» Directions:
The records below are to be output exactly, except for their pictures.

» Data provided:
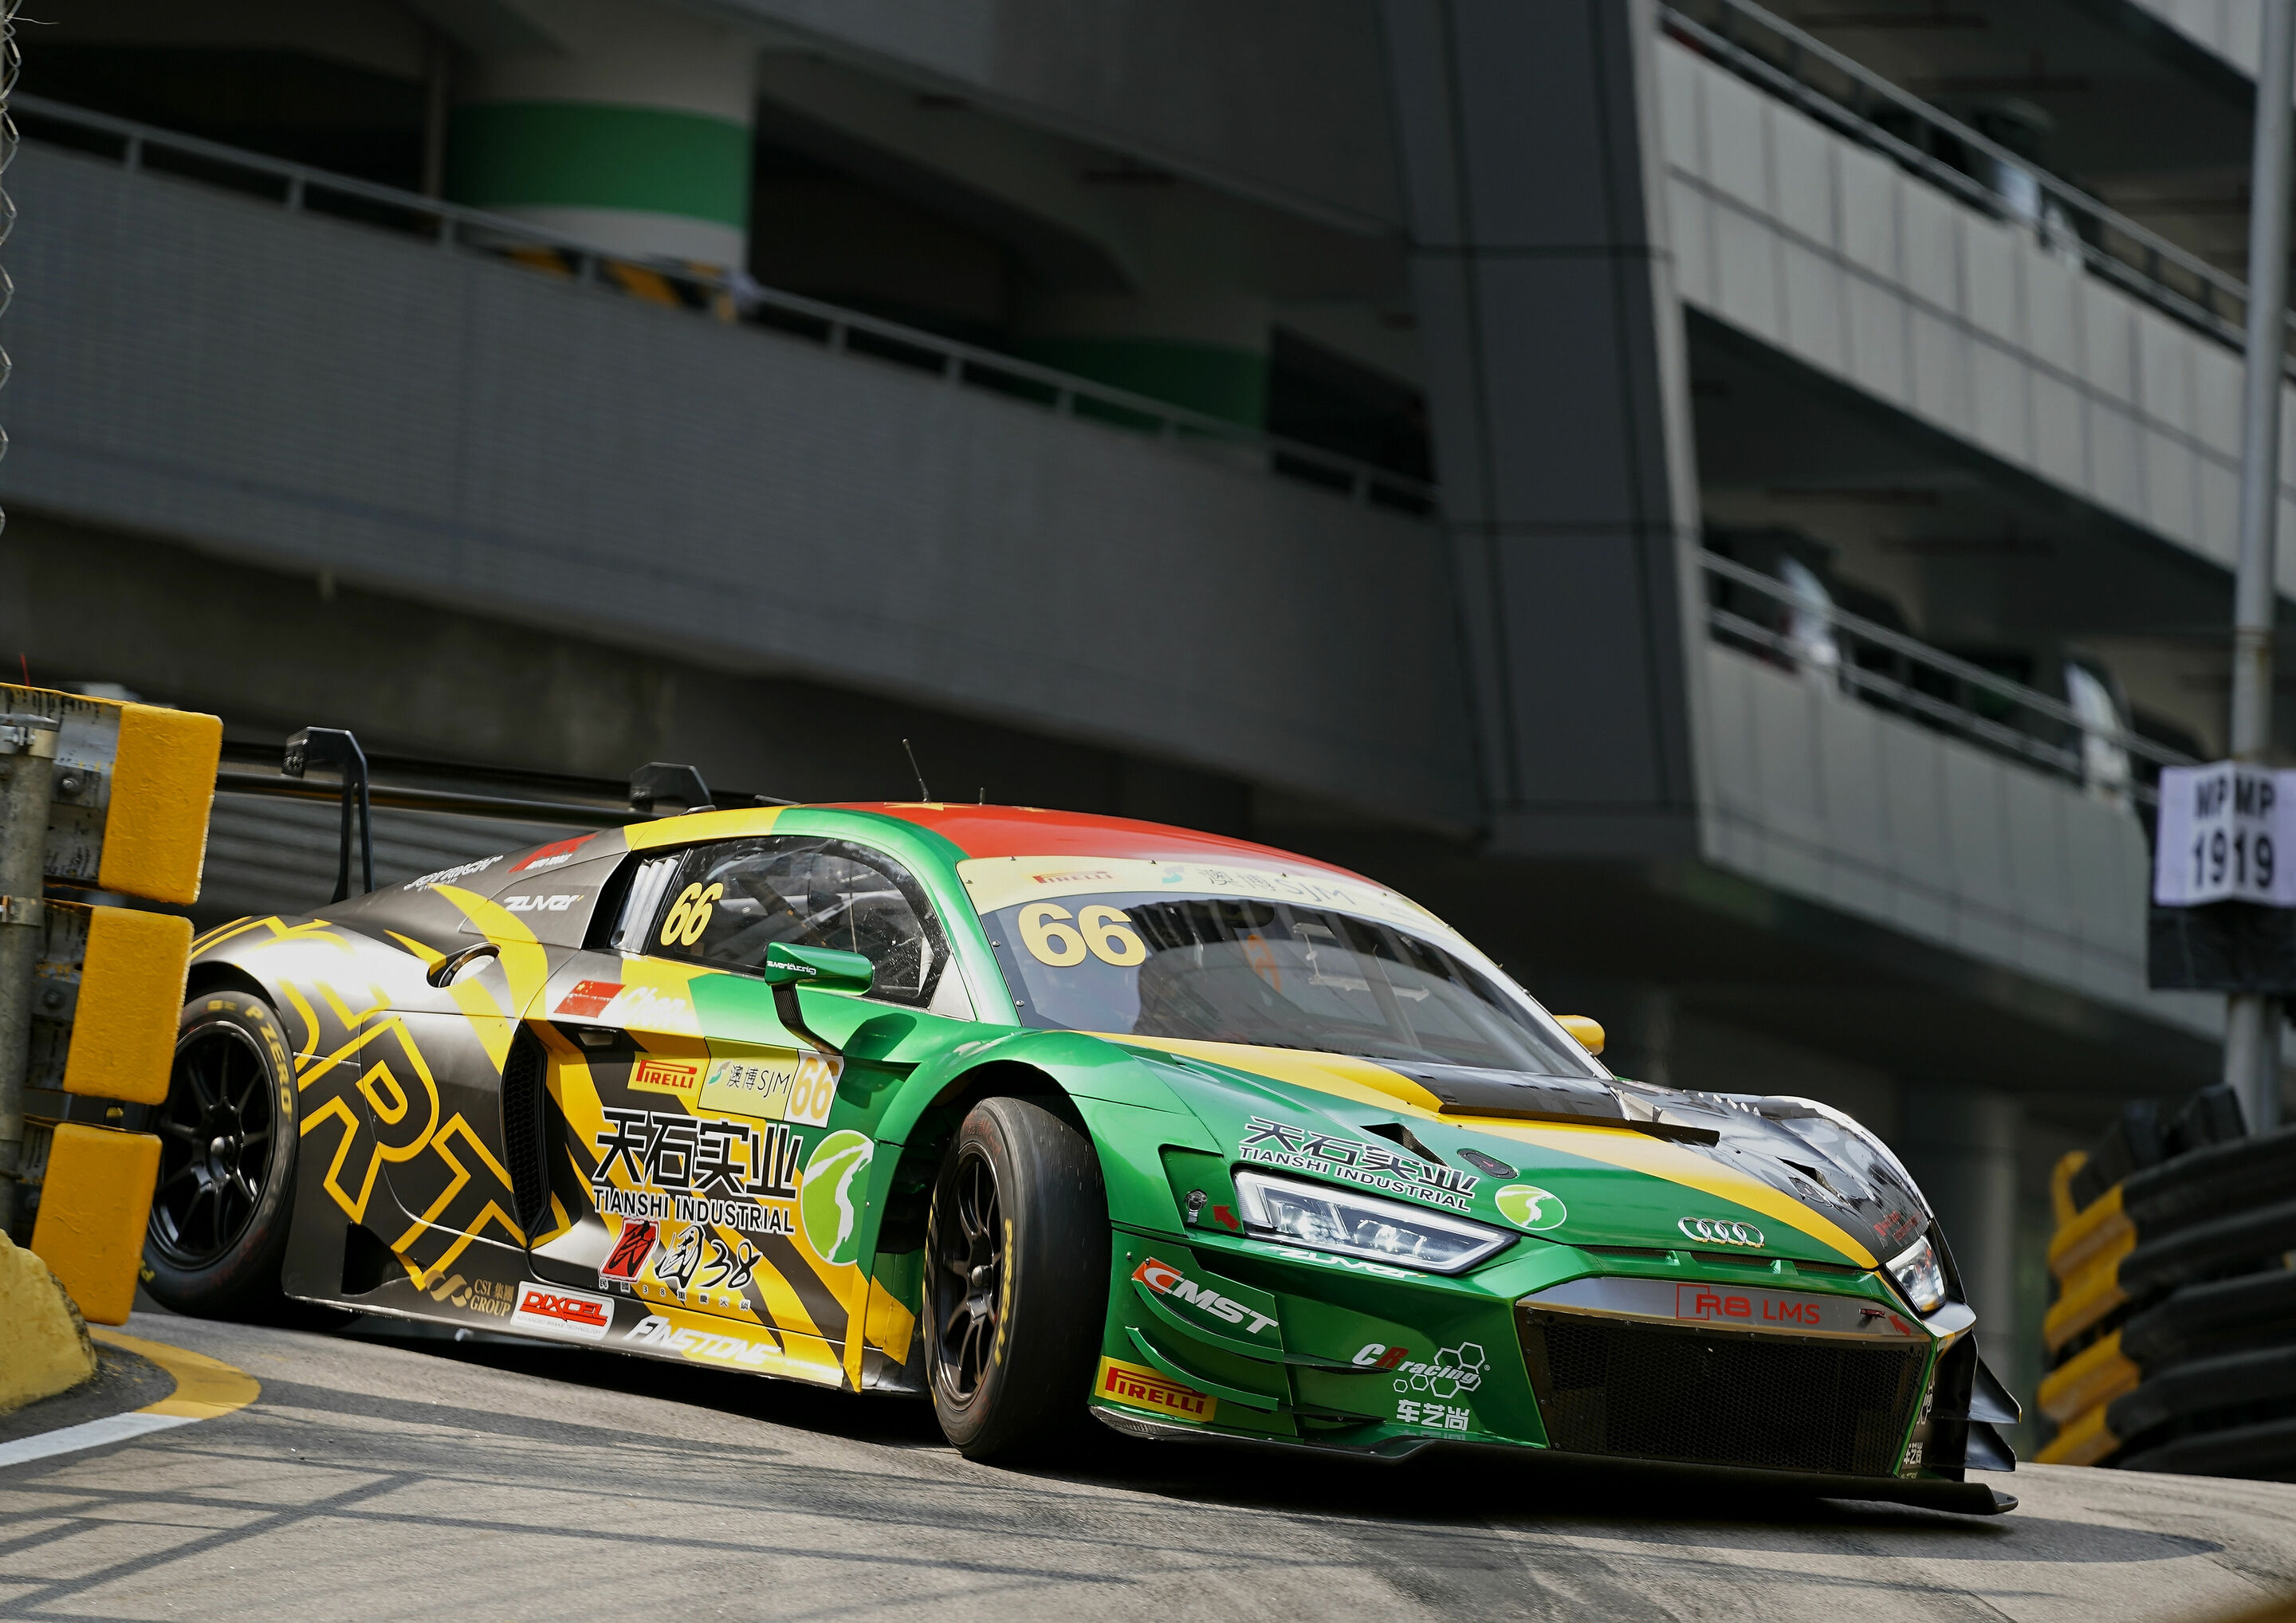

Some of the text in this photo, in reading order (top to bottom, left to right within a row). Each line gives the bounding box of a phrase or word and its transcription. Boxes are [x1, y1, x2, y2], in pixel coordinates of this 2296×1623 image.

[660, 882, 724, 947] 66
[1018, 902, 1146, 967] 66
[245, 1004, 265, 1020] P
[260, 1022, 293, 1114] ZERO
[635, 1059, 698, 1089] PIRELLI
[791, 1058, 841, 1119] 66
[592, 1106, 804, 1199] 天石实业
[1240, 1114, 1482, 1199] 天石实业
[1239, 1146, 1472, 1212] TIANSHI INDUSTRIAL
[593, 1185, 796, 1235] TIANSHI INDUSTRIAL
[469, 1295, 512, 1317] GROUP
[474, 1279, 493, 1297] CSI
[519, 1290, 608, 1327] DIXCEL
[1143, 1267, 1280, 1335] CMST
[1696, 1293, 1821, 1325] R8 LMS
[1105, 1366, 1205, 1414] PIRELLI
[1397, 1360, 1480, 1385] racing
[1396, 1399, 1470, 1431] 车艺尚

» Expected output:
Some of the text in this photo, in reading order (top to bottom, left to right within a row). Each line gives the bounding box of a phrase or word and its transcription. Boxes are [x1, y1, x2, y2], in pixel coordinates of this 2296×1623 image.

[660, 882, 724, 947] 66
[1018, 902, 1146, 967] 66
[245, 1004, 265, 1020] P
[260, 1022, 293, 1114] ZERO
[635, 1059, 698, 1089] PIRELLI
[791, 1058, 841, 1119] 66
[592, 1106, 804, 1199] 天石实业
[1240, 1114, 1482, 1199] 天石实业
[1239, 1146, 1472, 1212] TIANSHI INDUSTRIAL
[593, 1185, 796, 1235] TIANSHI INDUSTRIAL
[469, 1295, 512, 1317] GROUP
[474, 1279, 493, 1297] CSI
[519, 1290, 608, 1327] DIXCEL
[1143, 1267, 1280, 1335] CMST
[1696, 1293, 1821, 1325] R8 LMS
[1105, 1366, 1205, 1414] PIRELLI
[1397, 1360, 1480, 1385] racing
[1396, 1399, 1470, 1431] 车艺尚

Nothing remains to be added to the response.